Monday, Oct. 07, 1929

Sunday School Bible

When the patriarch Abraham was 99 years old the Lord told him that his wife, Sarah, would be the mother of nations and of kings of people. Hearing this, the patriarch fell upon his face, roared in laughter shouting: "Shall a child be born to him that is an hundred years old? And shall Sarah, that is ninety years old, bear?"

Last week the National Sunday School Union of Great Britain printed a Bible which gave what the Lord told Abraham but carefully omitted the aged man's merriment and doubt. Both old and New Testament had been carefully revised and expurgated of all things that might bring evil thoughts to the young.

Many a modern parent is beset by the problem of the daily newspaper. The parent cannot re-edit the newspaper--he must prohibit it for his children, in toto if at all. But classic literature can be edited--although as to how it shall be edited parents violently disagree. Discussion now turns chiefly on the following examples of Sunday School editing:

P: When Joseph was 17 he was brought from Canaan into Egypt, sold to Potiphar, a captain of the guard. In the house of Potiphar he was well favored and soon made overseer. Then, during the warm, dry days when Potiphar was with his troops, his wife desired the lusty young slave that had come from the north, said to him, "Lie with me." When he refused and fled from the house, leaving his cloak in her hands, Potiphar's wife cried out that she had been attacked, caused Joseph to be jailed.
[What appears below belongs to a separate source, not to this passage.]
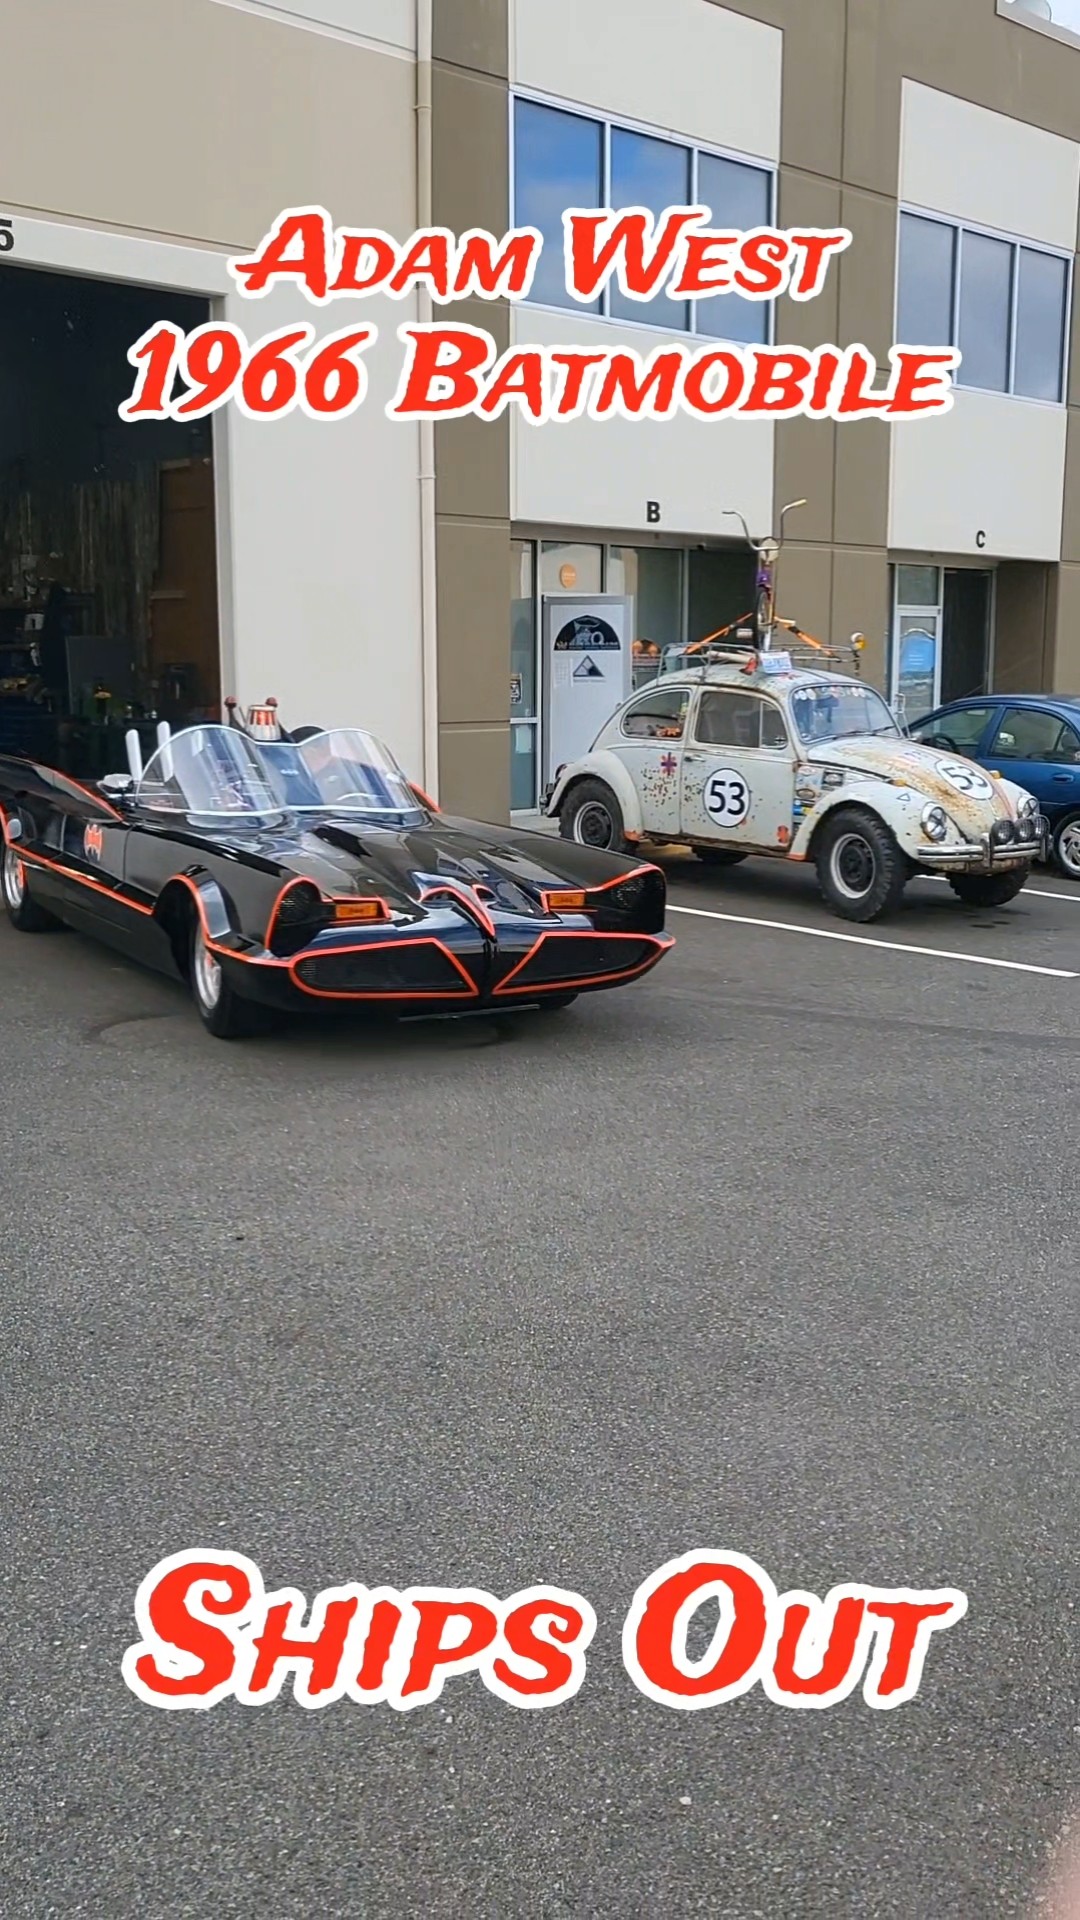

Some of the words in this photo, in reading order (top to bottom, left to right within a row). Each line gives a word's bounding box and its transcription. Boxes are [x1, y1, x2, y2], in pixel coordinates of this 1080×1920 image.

[646, 501, 661, 523] B
[975, 530, 987, 549] C
[941, 764, 989, 791] 53
[708, 779, 746, 816] 53
Such is the story the Bible tells with artistic realism. Carefully the National Sunday School Union substituted "tempted him to do evil" rather than give the exact words of the wife of Potiphar. Question: Does the substitution help?

P: An epic tale of a lonely girl working in dusty grainfields is the story of Ruth. One of the most dramatic and colorful scenes in all literature is the description of her entering the threshing room at night, creeping to where the mighty farmer Boaz lay drunken on a pile of corn, softly snuggling herself to sleep at his feet. Question: Would a child suspect evil?
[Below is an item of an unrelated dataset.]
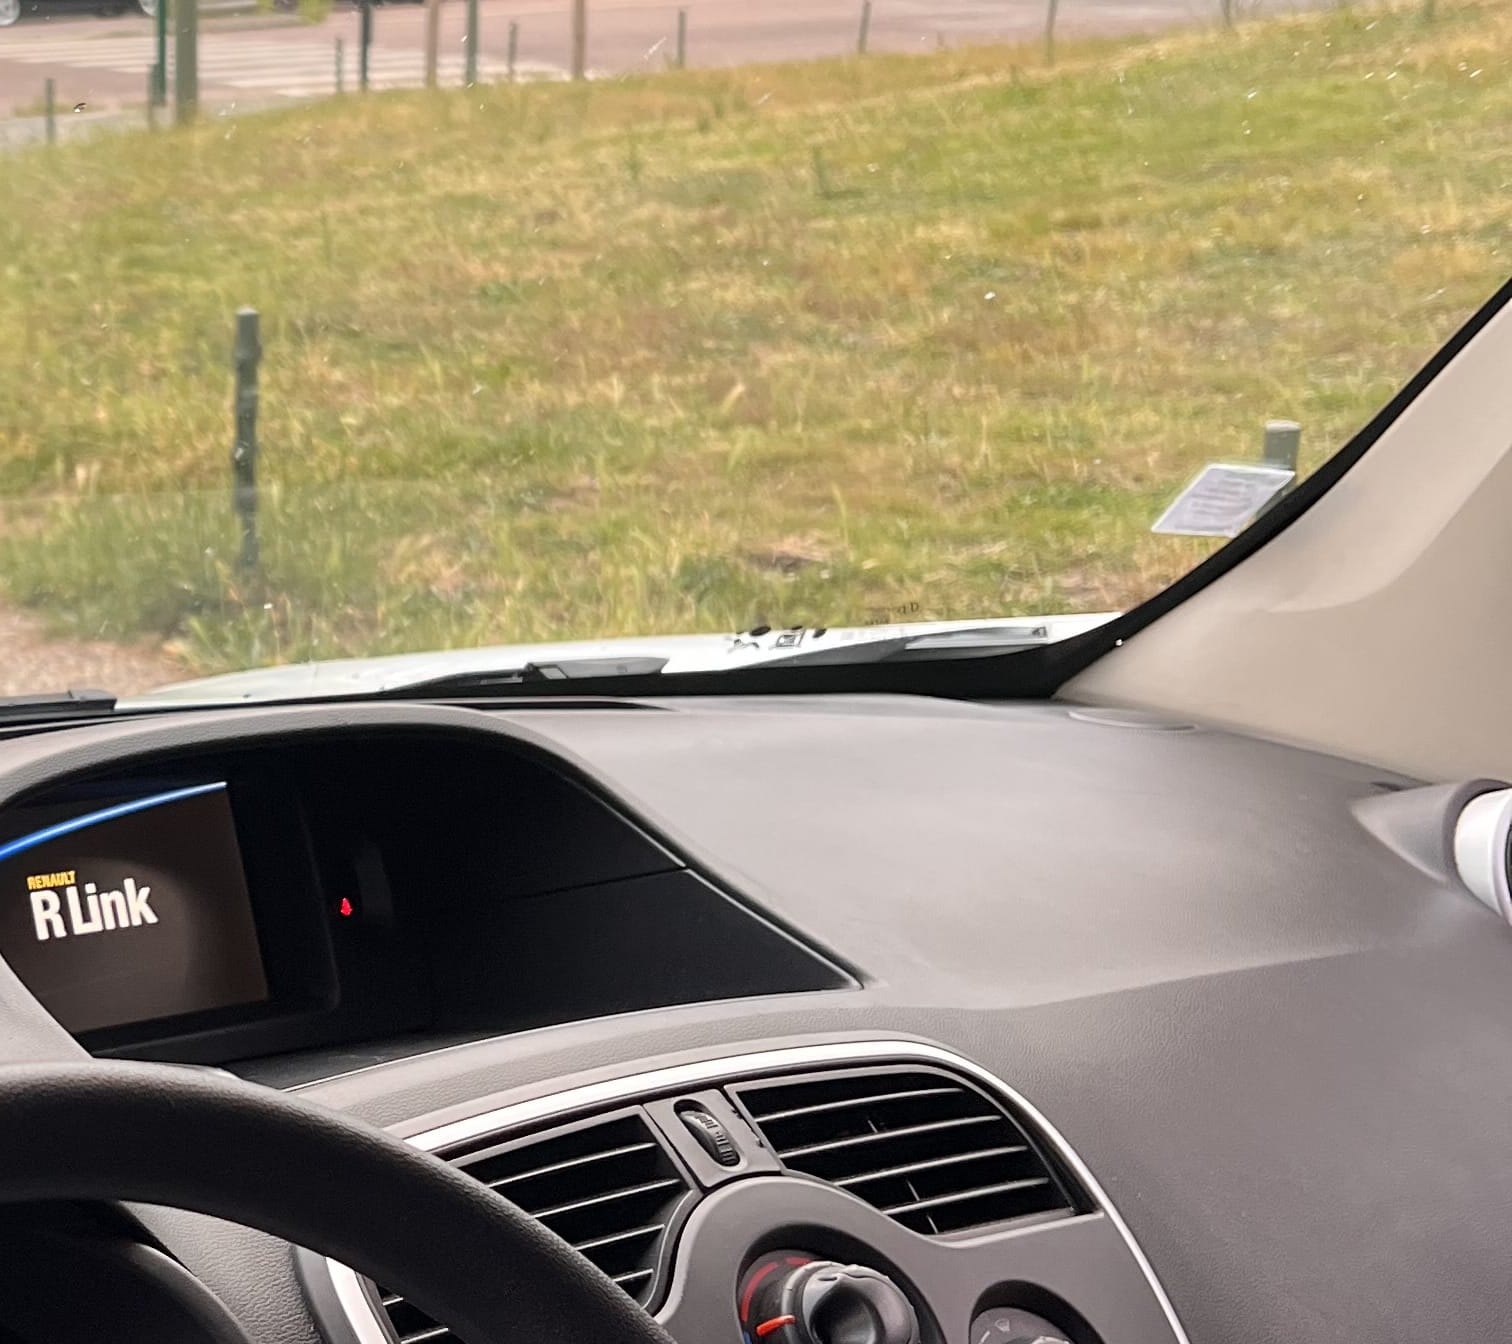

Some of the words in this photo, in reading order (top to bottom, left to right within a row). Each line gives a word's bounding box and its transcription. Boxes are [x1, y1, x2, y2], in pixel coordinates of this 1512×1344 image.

P: Solomon's Song of Songs was deleted in entirety. (It contains the line Many waters cannot quench love--see Theatre p.40). Concerning this deletion there is little debate.

P: "The Sword devoureth one as well as another." Hardened and harsh was King David when he spoke these words to the messenger who told him that Uriah, husband of Bathsheba, had been slain as planned. But from the new Bible is missing the whole chapter that describes the unhappy King's brief interlude of passion with Bathsheba that lush spring when he tarried in Jerusalem although it was "the time when Kings go forth to battle." Without this tale is lost one of the most important psychological links in the evolution of David from the young idealist who befriended Jonathan into the almost fanatical writer of the imprecatory psalms --all of which are omitted. Question: Is it well to let the child think of David as always good?

P: Two of the most famed judicial stories in history are entirely deleted. There is no mention of Solomon deciding to which of the two harlots belongs the baby they both claimed. There is no mention of the woman taken in adultery to whose accusers Jesus said, "He that is without sin among you, let him cast the first stone."

At some point, of course, the youth must learn these stories--otherwise he becomes an ignorant boor. But the question is: When shall the child or youth learn them. And that, of course, is the whole question which revolves around the Tree of Knowledge.